Un team internazionale di ricercatori dell’IFOM (Fondazione Istituto FIRC di Oncologia Molecolare) di Milano e dell’australiano Institute for Molecular Bioscience dell'Università di Queensland ha ora individuato in Sox18 un gene essenziale per il "benessere" del sistema linfatico: i dati emersi dallo studio supportano fortemente l’idea che Sox18 sia un gene critico nella formazione, nella corretta organizzazione e nel mantenimento del sistema vascolare linfatico. In particolare, l’inattivazione del gene Sox 18 porterebbe manifestazioni di una rara patologia di matrice linfatica chiamata Ipotricosi-linfedema- teleangiectasia.
"il lavoro pubblicato su Nature costituisce un significativo avanzamento delle conoscenze per la comprensione dei meccanismi molecolari che regolano la formazione e il funzionamento del sistema linfatico" commenta Elisabetta Dejana, coordinatrice italiana dello studio, Responsabile del Programma di Angiogenesi di IFOM e Professore Ordinario di Patologia Generale presso il Dipartimento di Scienze Biomolecolari e Biotecnologie presso la Facoltà di Scienze Matematiche, Fisiche e Naturali dell’Università degli Studi di Milano "e in prospettiva potrà suggerire nuovi approcci diagnostici e terapeutici per patologie di matrice linfatica. Inoltre, poiché gran parte dei tumori sceglie la via del sistema linfatico per disseminare le proprie cellule e formare metastasi nei diversi organi, l'identificazione di Sox18 quale fattore chiave per indurre la formazione di vasi linfatici all'interno dei tumori potrà aiutare a formulare nuove terapie per inibire il processo metastatico".
L’identikit di Sox18
I fattori trascrizionali Sox (ovvero SRY - Sex Determining Region Y - attraverso HMG Box) sono una famiglia di geni che legano il DNA attraverso il dominio proteico HMG (High Mobility Group) e svolgono un ruolo chiave per lo sviluppo embrionale degli organismi eucarioti e per la regolazione dell’espressione genica richiesta per il differenziamento cellulare.
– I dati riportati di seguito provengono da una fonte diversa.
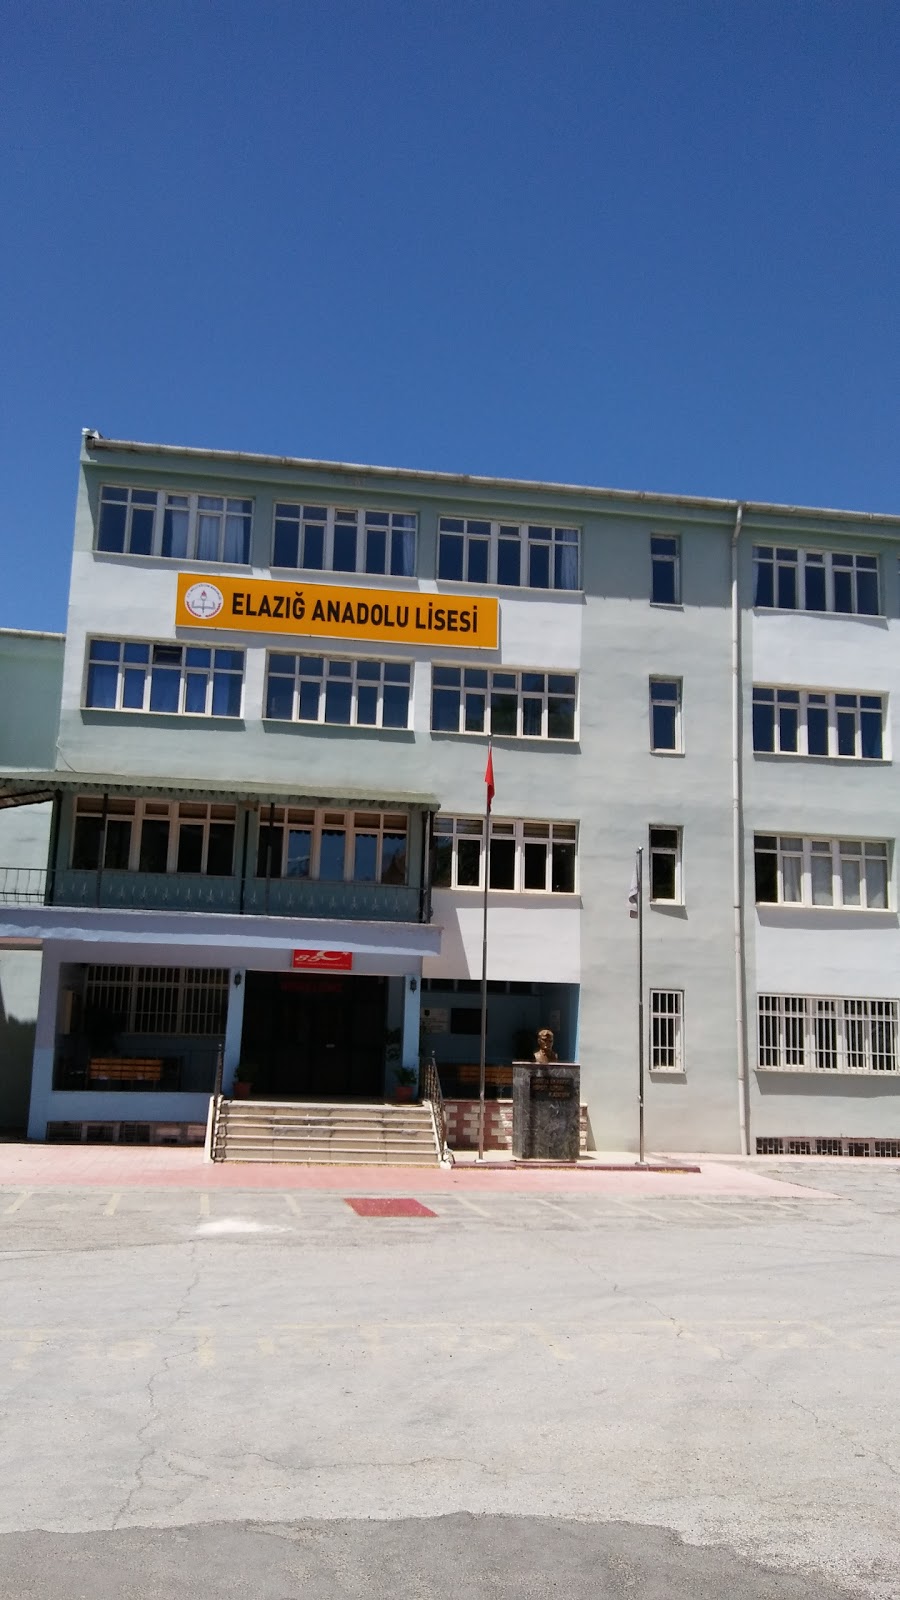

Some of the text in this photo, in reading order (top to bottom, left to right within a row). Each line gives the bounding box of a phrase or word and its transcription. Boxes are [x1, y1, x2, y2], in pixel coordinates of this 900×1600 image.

[231, 591, 306, 620] ELAZIĞ
[311, 599, 409, 628] ANADOLU
[415, 601, 478, 633] LİSESİ
Il fattore trascrizionale SOX18 è riconosciuto come interruttore specifico nel'indurre il differenziamento delle cellule endoteliali del sistema vascolare sanguigno ma sta emergendo sempre più chiaramente l'associazione di diverse patologie linfatiche a mutazioni di questo gene.
Lo studio condotto dal team internazionale di ricercatori dell'IFOM di Milano e dell'Institute for Molecular Bioscience dell'Università di Queensland conferma il ruolo critico di Sox 18 nello sviluppo linfatico aprendo la strada a nuovi percorsi di ricerca per le linfopatie umane.
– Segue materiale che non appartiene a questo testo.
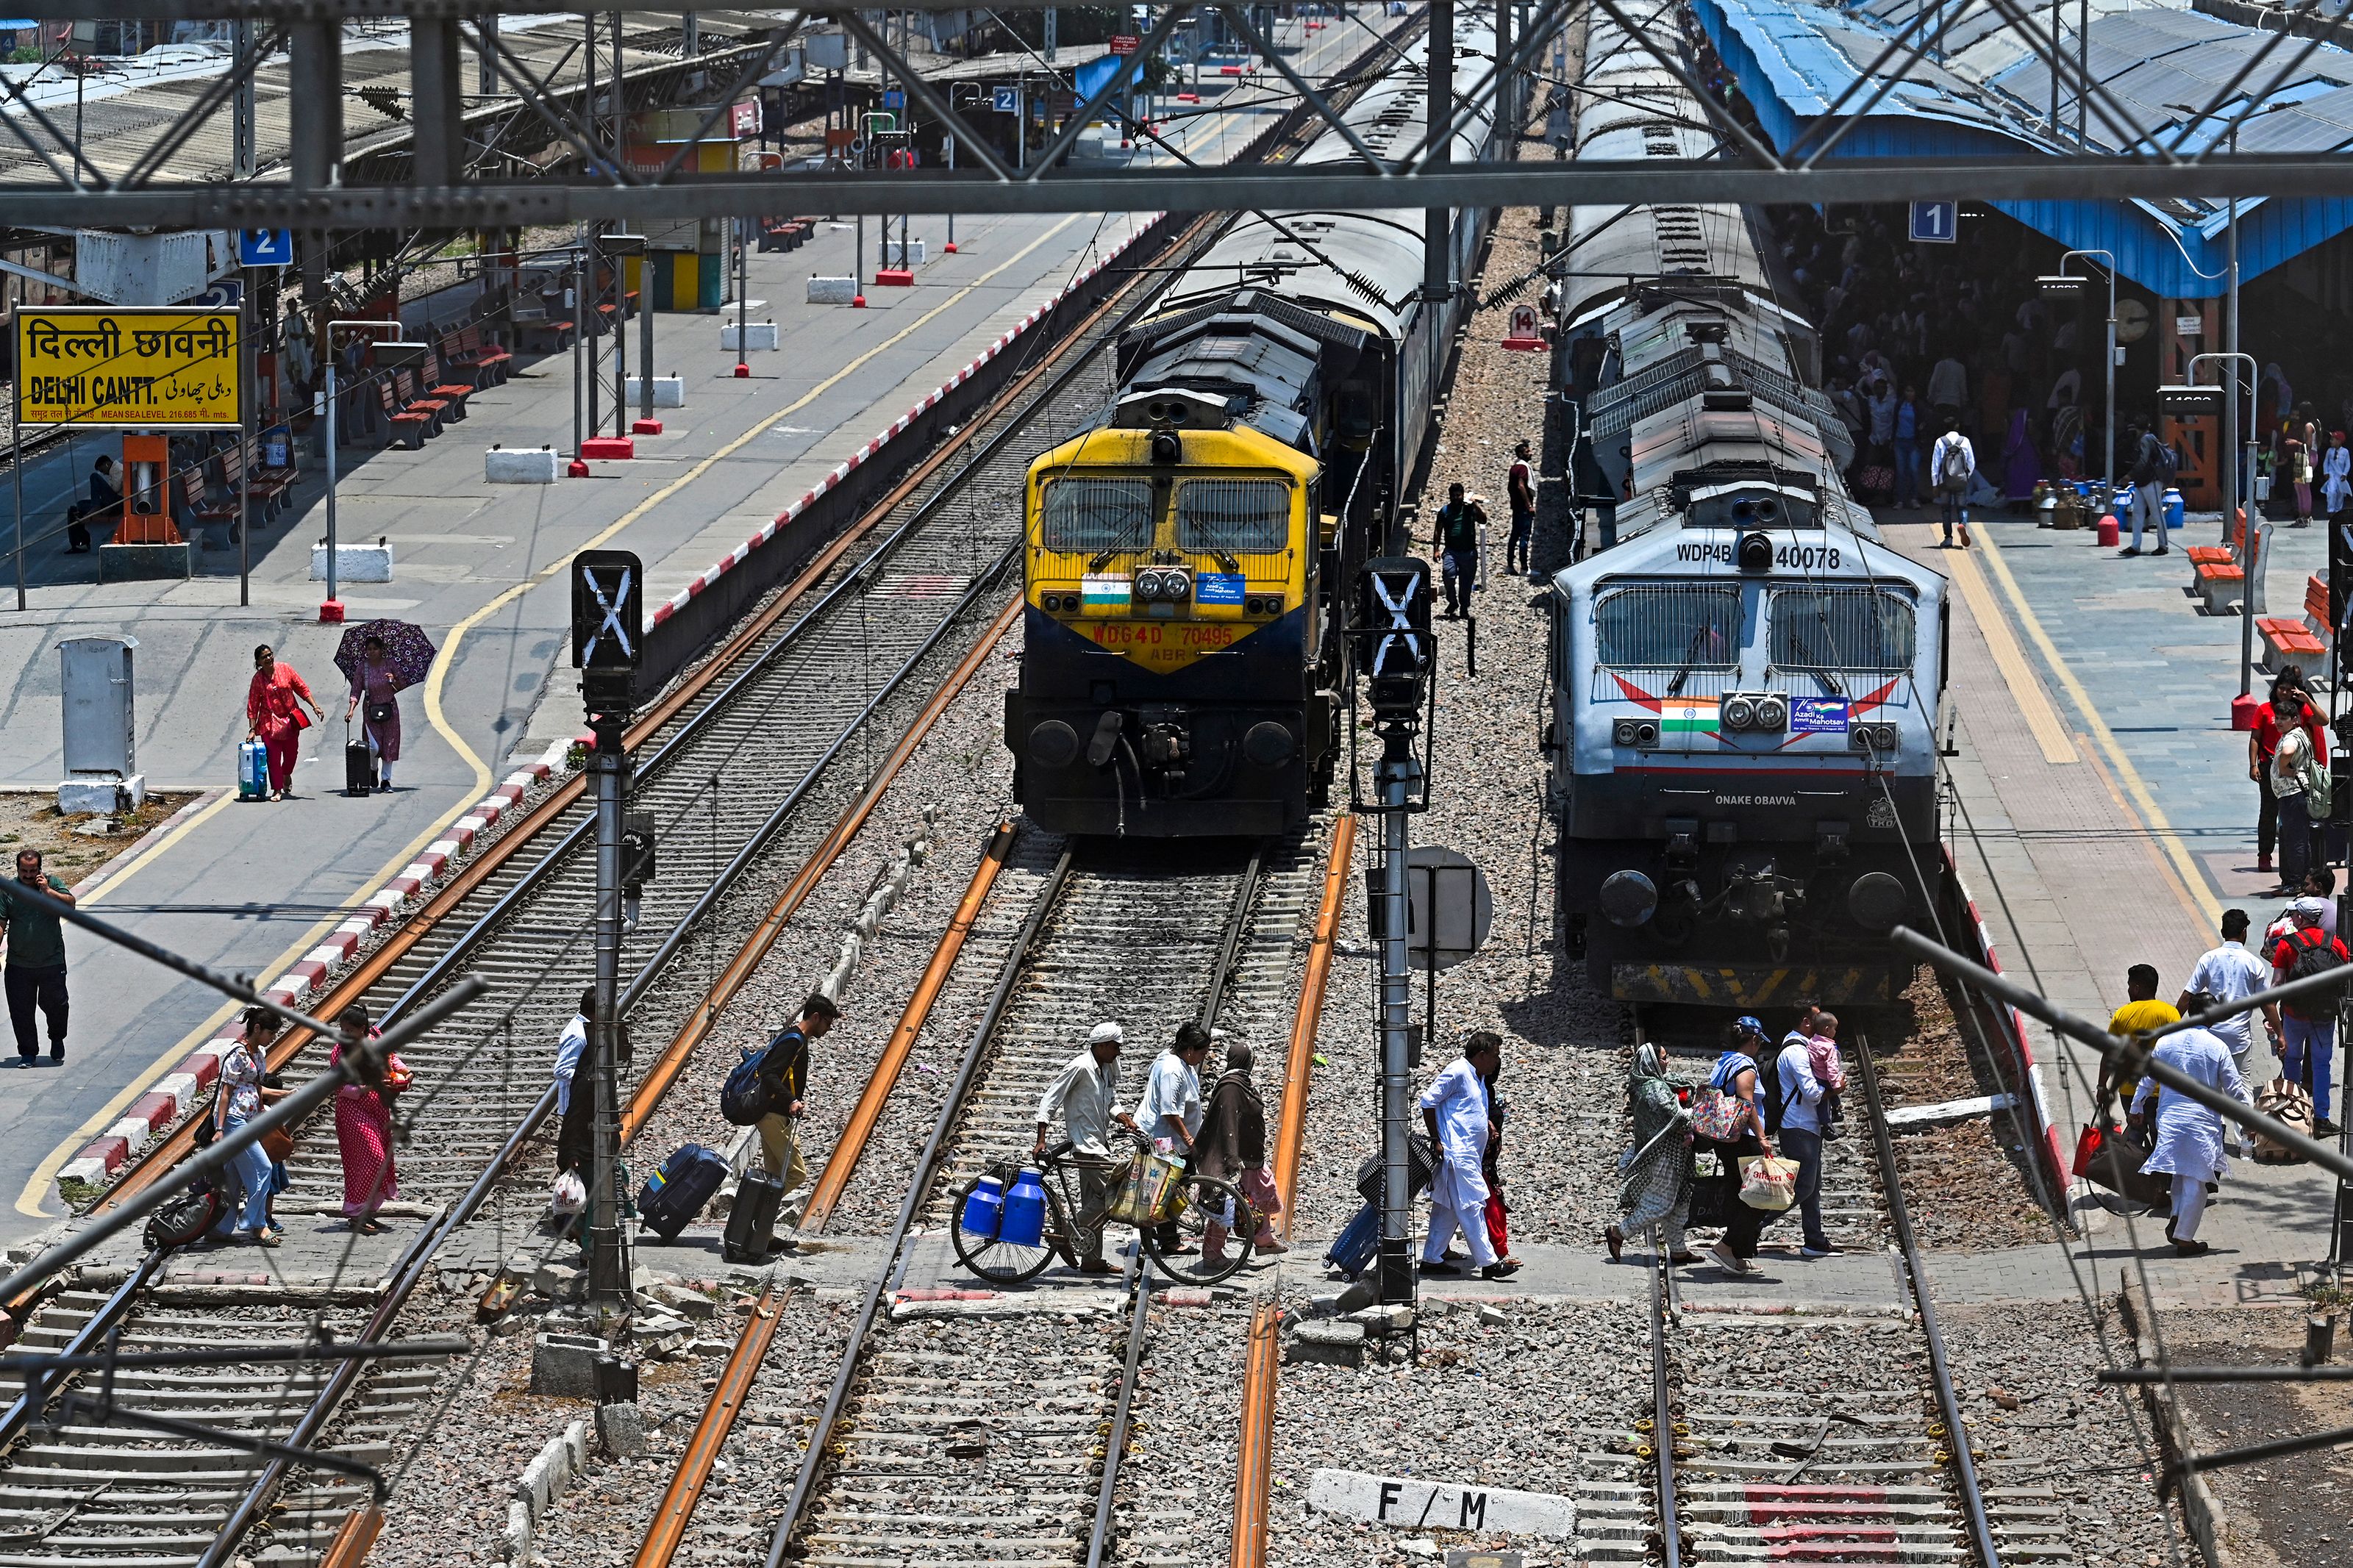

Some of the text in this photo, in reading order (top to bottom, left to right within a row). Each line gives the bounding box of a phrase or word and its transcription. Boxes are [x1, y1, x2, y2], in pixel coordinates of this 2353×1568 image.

I test molecolari, cellulari e genetici effettuati in vitro e in vivo su organismi modello hanno evidenziato che Sox18 induce le cellule endoteliali del sistema vascolare sanguigno a esprimere Prox1 (Prospero-related Homeobox 1), un gene cruciale per la formazione dei vasi linfatici a partire dalle vene cardinali. "Prox 1 – precisa Dejana - è il gene che detta alle cellule la loro caratteristica linfatica e gli esperimenti che abbiamo condotto dimostrano che se Sox18 è inattivo o mutato nello sviluppo embrionale, si verifica un blocco anche nella funzionalità di Prox1, che non riesce più a formare dalla vena cardinale la fitta rete di vene linfatiche".
Difetti nel fattore transcrizionale Sox18 causano una disfunzione linfatica che si manifesta nell'Ipotricosi-linfedema-teleangiectasia, una malattia ereditaria rara che comporta sintomi invalidanti come edemi (se non elefantiasi) agli arti inferiori associati a semicalvizie precoce (a partire da 1-2 anni di vita).
Le prospettive che apre lo studio pubblicato su Nature sono particolarmente promettenti: per le patologie linfatiche l'identificazione del ruolo di Sox18 potrebbe rivelarsi presto preziosa per un’applicazione a livello diagnostico. Inoltre questo fattore trascrizionale potrebbe costituire un giorno un bersaglio localizzato per terapie geniche mirate a ridurre lo sviluppo delle metastasi tumorali.
La ricerca è stata sostenuta da finanziamenti dell’AIRC (Associazione Italiana per la Ricerca sul Cancro), dell'Australiana National Health and Medical Research Council, della Commissione Europea, della Heart Foundation of Australia e da altri Istituti.